On April 13, 2011, Representative Cliff Stearns (R-FL) introduced the Consumer Privacy Protection Act of 2011 (the “Act”), which seeks to “protect and enhance consumer privacy” both online and offline by imposing certain notice and choice requirements with respect to the collection and use of personal information.
The legislation would apply to any “covered entity,” which is defined as an entity “that collects…sells, discloses for consideration, or uses personally identifiable information of more than 5,000 consumers during any consecutive 12-month period” (excluding governmental agencies, providers of professional services obligated by rules of ethics and confidentiality requirements and data processing outsourcing entities). The term “personally identifiable information” (“PII”) means “individually identifiable information relating to a living individual who can be identified from that information” and includes primary data elements (e.g., name, address, Social Security number), as well as birth date and an electronic address (including an IP address) when used in combination with one of the primary data elements.

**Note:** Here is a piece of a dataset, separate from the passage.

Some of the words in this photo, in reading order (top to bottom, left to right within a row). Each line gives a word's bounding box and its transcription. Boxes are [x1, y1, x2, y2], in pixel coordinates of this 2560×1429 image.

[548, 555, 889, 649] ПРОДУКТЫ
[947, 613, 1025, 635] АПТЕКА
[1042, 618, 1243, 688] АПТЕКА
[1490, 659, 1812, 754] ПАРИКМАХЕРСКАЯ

The bill explicitly excludes from the definition of PII anonymous or aggregate data (or any other information that does not identify a unique living individual), information about a consumer inferred from data maintained about a consumer, and information about a consumer that is publicly available or obtained from a public record.

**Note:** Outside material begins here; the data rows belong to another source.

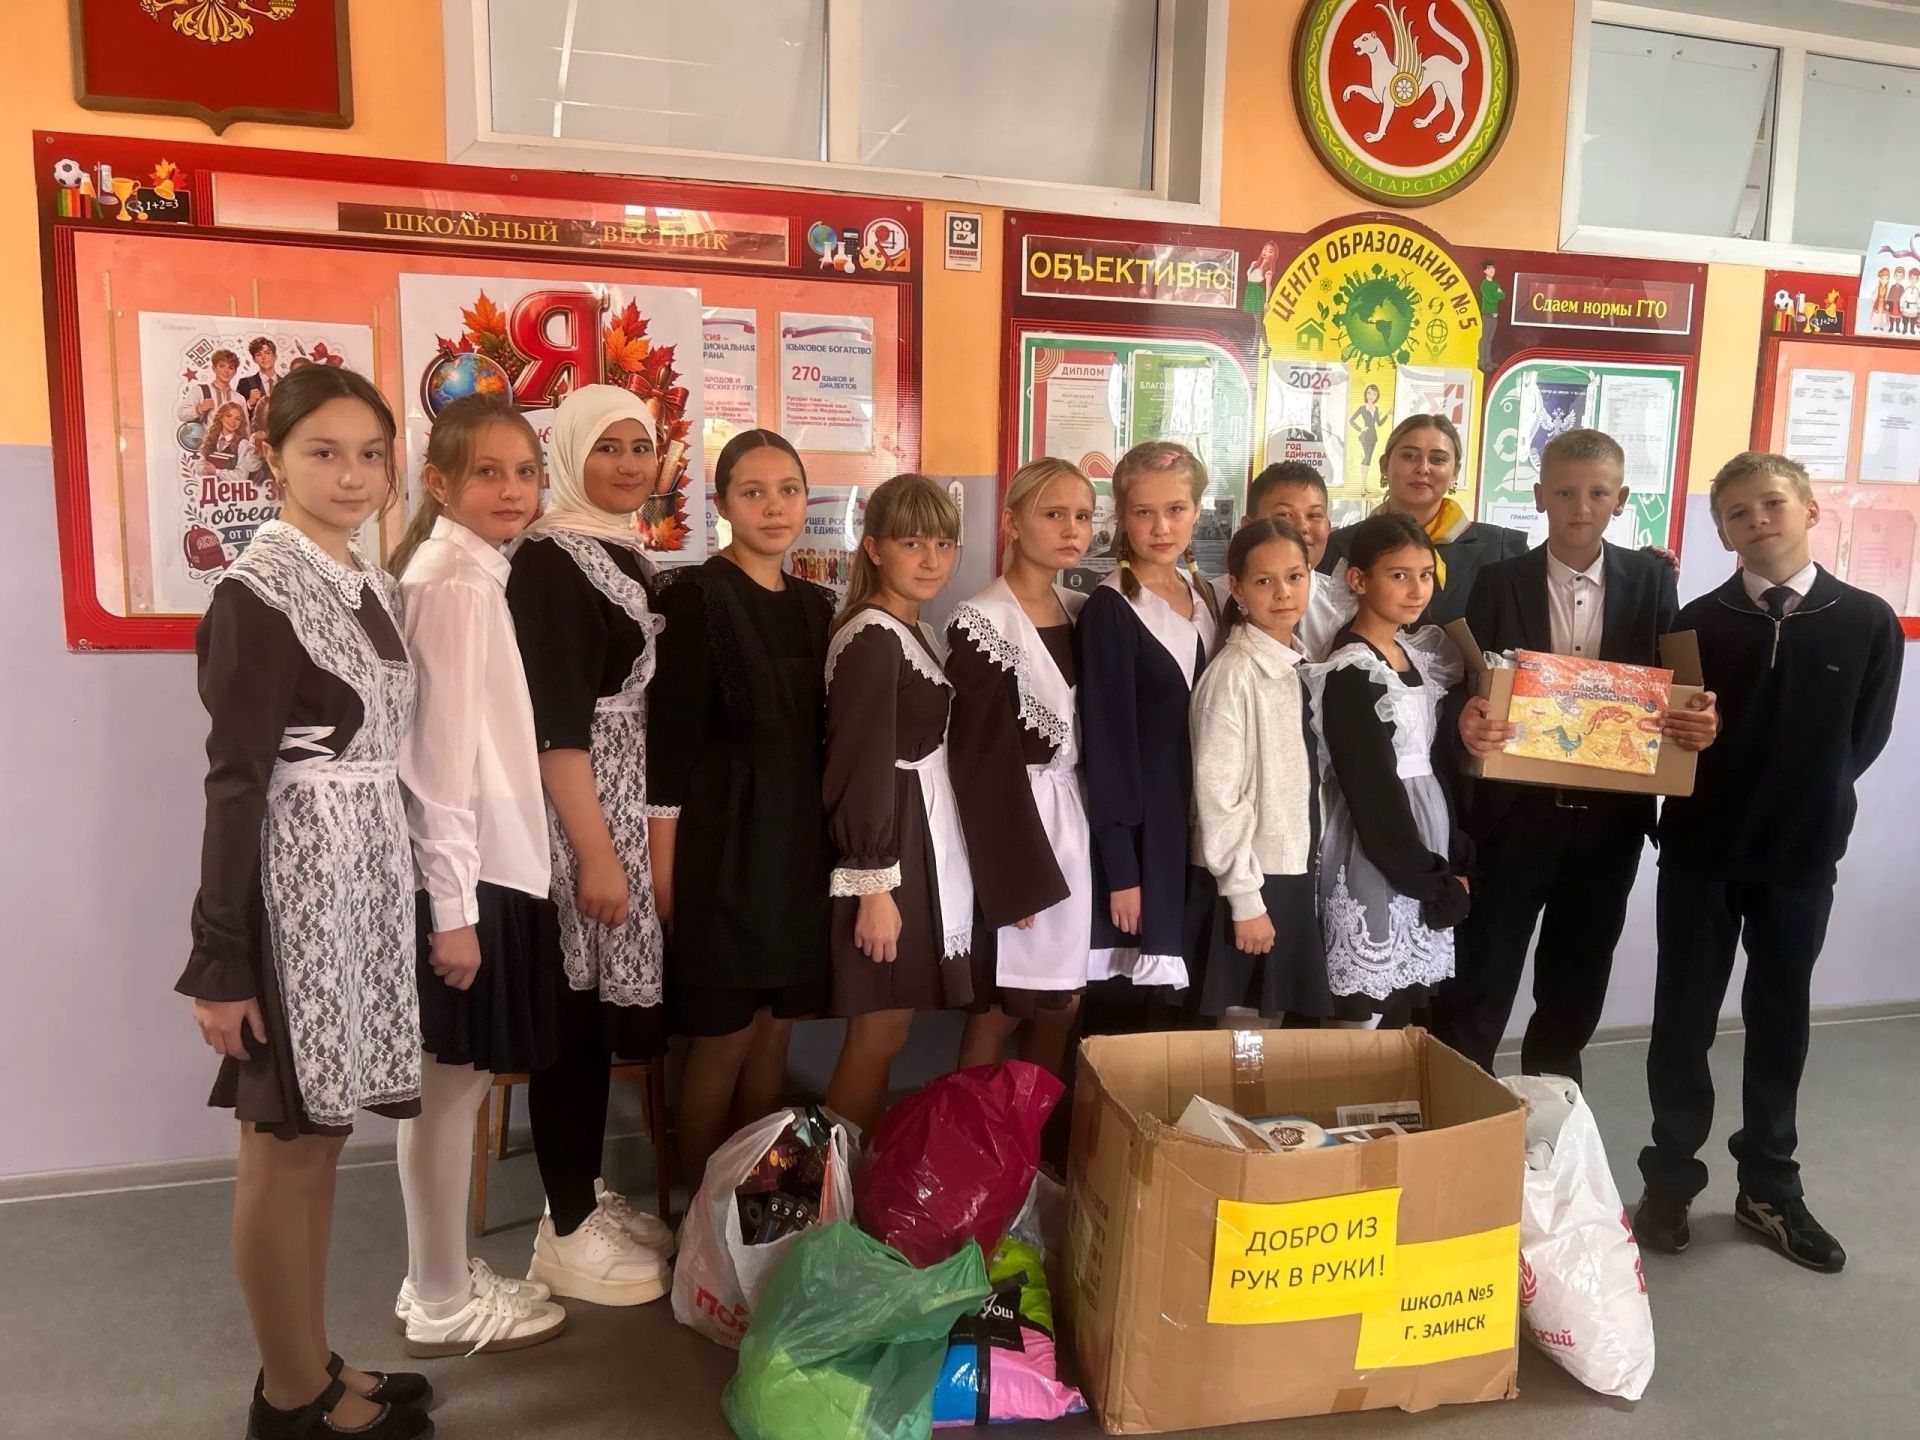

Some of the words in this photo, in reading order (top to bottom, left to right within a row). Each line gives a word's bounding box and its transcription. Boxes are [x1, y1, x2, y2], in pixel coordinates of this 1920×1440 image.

[1354, 165, 1460, 192] ТАТАРСТАН
[146, 199, 179, 211] 1+2=3
[384, 212, 560, 242] ШКОЛЬНЫЙ
[603, 225, 728, 250] ВЕСТНИК
[1273, 253, 1320, 322] ЦЕНТР
[1326, 231, 1460, 292] ОБРАЗОВАНИЯ
[1532, 293, 1579, 313] Сдаем
[1583, 301, 1632, 318] нормы
[1636, 300, 1667, 318] ГТО
[510, 290, 610, 408] Я
[703, 342, 755, 351] ИОНАЛЬНАЯ
[786, 344, 826, 352] ЯЗЫКОВОЕ
[829, 345, 871, 354] БОГАТСТВО
[704, 376, 733, 384] АРОДОВ
[792, 366, 820, 381] 270
[1061, 366, 1105, 377] ДИПЛОМ
[819, 382, 856, 390] ДИАЛЕКТОВ
[1140, 381, 1171, 391] БЛАГОД
[1289, 371, 1332, 390] 2026
[1285, 451, 1327, 459] ЕДИНСТВА
[1286, 443, 1301, 451] ГОД
[200, 478, 258, 508] День
[805, 516, 826, 525] УЩЕЕ
[1245, 1223, 1338, 1256] ДОБРО
[1347, 1216, 1378, 1240] ИЗ
[1231, 1269, 1280, 1290] РУК
[1289, 1267, 1303, 1287] В
[1312, 1255, 1385, 1285] РУКИ!
[1401, 1290, 1463, 1312] ШКОЛА
[1468, 1284, 1494, 1302] №5
[1405, 1326, 1417, 1340] Г.
[1422, 1314, 1486, 1339] ЗАИНСК

Among other requirements, the Act would obligate covered entities to:
- Provide the consumer with a privacy notice before PII is used for a purpose unrelated to a “transaction” (which is broadly defined under the act to include interactions between the consumer and a covered entity resulting in (1) any use of the information that is necessary to complete the interaction in the course of which information is collected, or to maintain the provisions of a requested good or service; (2) any disclosure of information necessary for the consumer to enforce his or her right; (3) any disclosure required by law or court order; (4) any use to verify PII; and (5) the collection or use of PII for marketing or advertising the covered entity’s products or services to its customers or potential customers);
- Provide the consumer with the opportunity (at no charge) to prevent for up to five years the sale or disclosure for consideration of the consumer’s PII that may be used for a purpose other than a transaction with the consumer; and
- Implement an information security policy that safeguards PII and is designed to prevent the unauthorized disclosure of release of such information.
Violations of the Act would constitute unfair or deceptive acts or practices and could result in civil penalties up to $500,000 for all related violations by a single violator. The Act also instructs the FTC to approve self-regulatory programs for a period of five years that exempt participants from civil penalties imposed under the Act. Finally, the Act provides that compliance with certain other federal privacy laws shall be deemed compliance with the Act and that the Act preempts state statutory laws and regulations to the extent they affect the collection or use of PII in commerce.
The Consumer Privacy Protection Act of 2011 joins a list of bills previously introduced in the past couple of months, including the Commercial Privacy Bill of Rights Act of 2011, the Do Not Track Me Online Act of 2011 and the Financial Information Privacy Act of 2011.